Właśnie co do zapachu- producent określa zapach jako relaksujące morskie powietrze.
Moim zdaniem bardzo trafne określenie!
Sól morska oraz bukiet z białych kwiatów tworzą taką ciekawą kompozycję.
Czy zapach jest przyjemny i relaksujący?
Jak dla mnie owszem.
Po rozsmarowaniu kremu zapach staje się bardziej wyczuwalny, ale mniej słony.
Poszukiwałam do rąk kremu, który poradził by sobie z moją bardzo suchą skórą dłoni.
Nasmarowane dłonie przez wiele godzin pozostają odżywione , nawilżone oraz bardzo miłe w dotyku.

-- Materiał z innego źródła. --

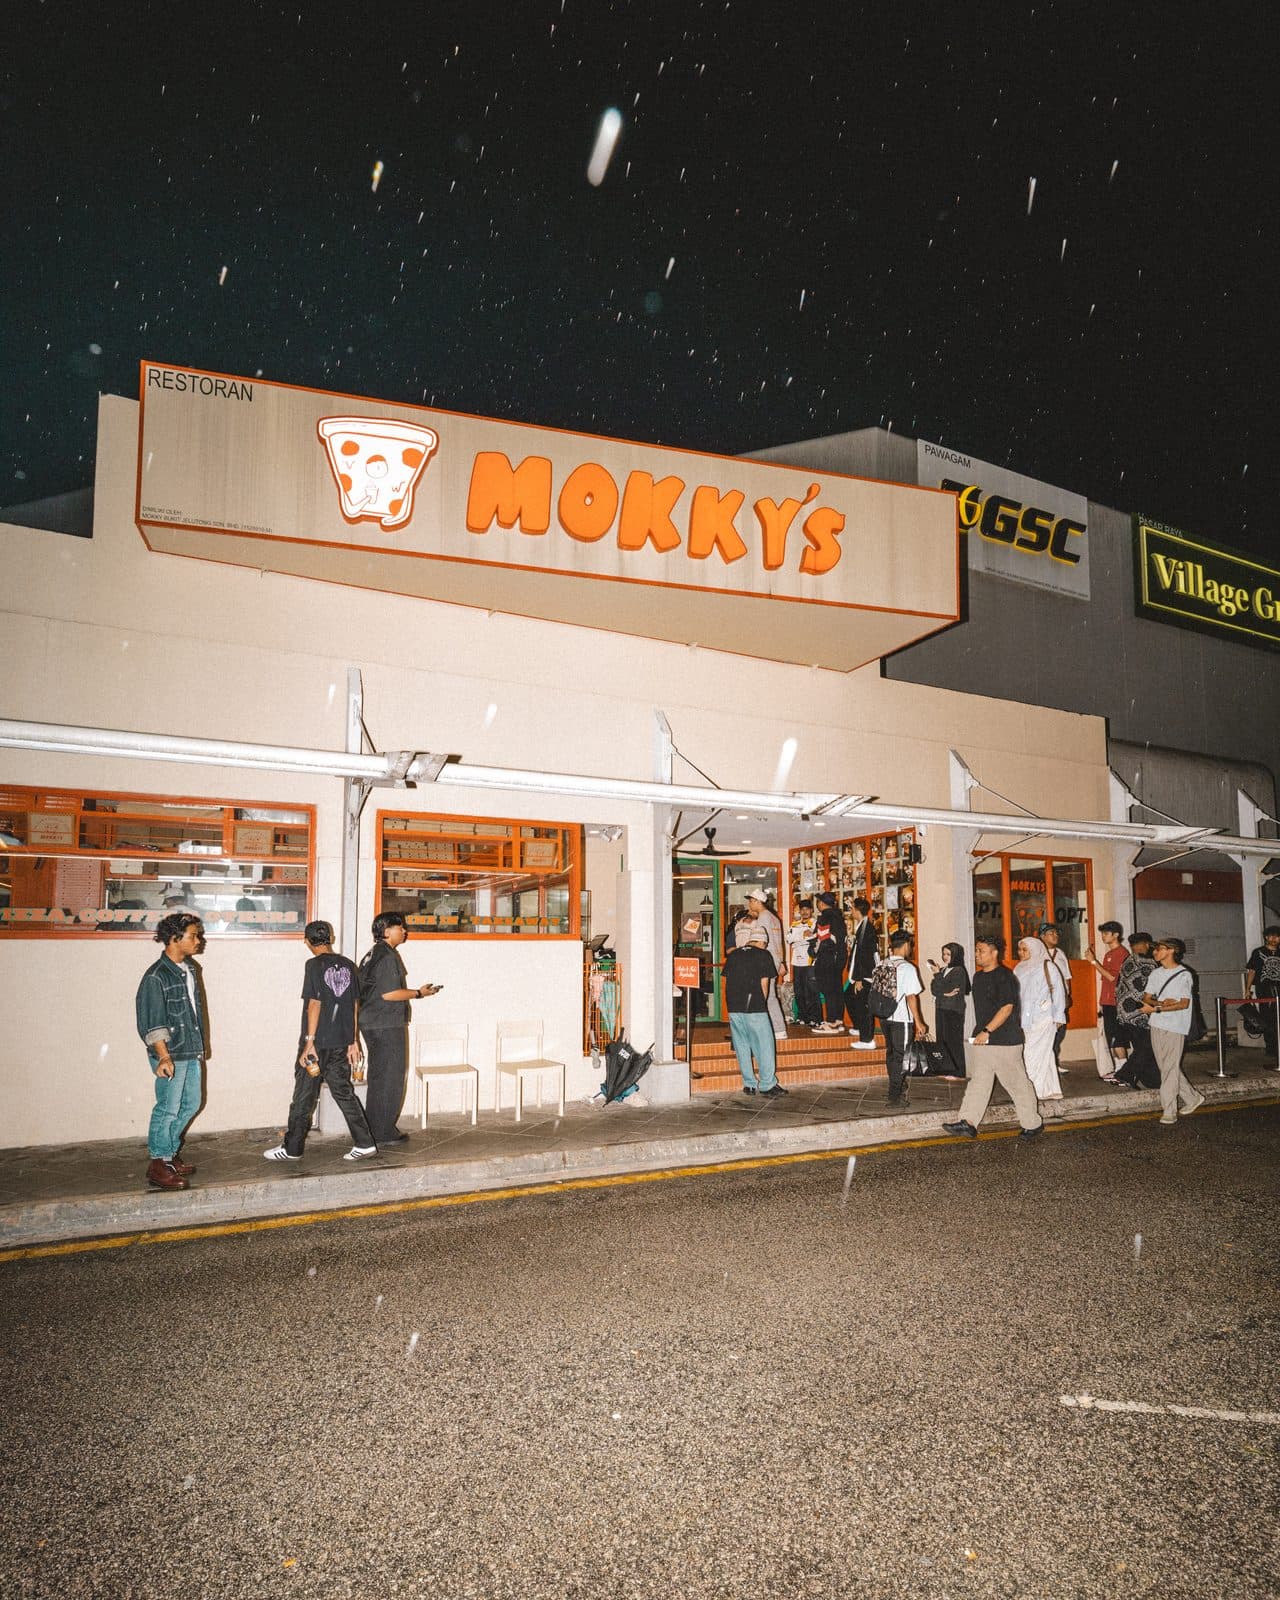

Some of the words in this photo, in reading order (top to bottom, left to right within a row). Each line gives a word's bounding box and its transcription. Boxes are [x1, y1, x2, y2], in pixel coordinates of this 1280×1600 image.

Produkt bardzo dobrze się wchłania, rzec można iż w tempie błyskawicznym, nie pozostawia żadnych tłustych smug ani białych plam na dłoniach lecz satynowy film.
Dłonie po zastosowaniu tego kremu są gładkie oraz świetliste ( lecz w bardzo ładny sposób, nie daje efektu nasmarowania rąk tłustym kremem).
Efekt ten trzyma się przez długi czas, wytrzymuje nawet zmywanie naczyń i sprzątanie!
Konsystencja kremu jest gęsta i zwarta.
Mimo gęstej konsystencji rozsmarowanie go na dłoniach nie sprawia najmniejszego problemu.
Skład kremu :
- olej z nasion makadamia
- masło Shea
- ekstrakty morskie ( algi oraz wodorosty )
- mocznik
Mocznik, olej z nasion makadamia oraz masło Shea zapewne odpowiedzialne są za tak dobre nawilżanie i odżywianie skóry przez ten krem.
No cóż co tu dużo mówić jeżeli potrzebujemy kremu, który bardzo dobrze nawilży oraz odżywi skórę naszych rąk to bez wahania możemy sięgnąć po ten lub inny krem do rąk firmy Crabtree & Evelyn a na pewno się nie zawiedziemy na jego działaniu.
Z dostępnością tego kosmetyku w Polsce jest już mały problem, możemy znaleźć go w sklepach internetowych oraz niekiedy w TK Maxx.
Na stronach drogerii internetowych na wyprzedażach znaleźć go możemy w cenie około 50 złotych, poza wyprzedażami cena wacha się w granicach 70 zł.
Cena może nie jest mała ale sama przekonałam się iż warto wydać więcej na krem by zobaczyć pozytywne efekty na swej skórze.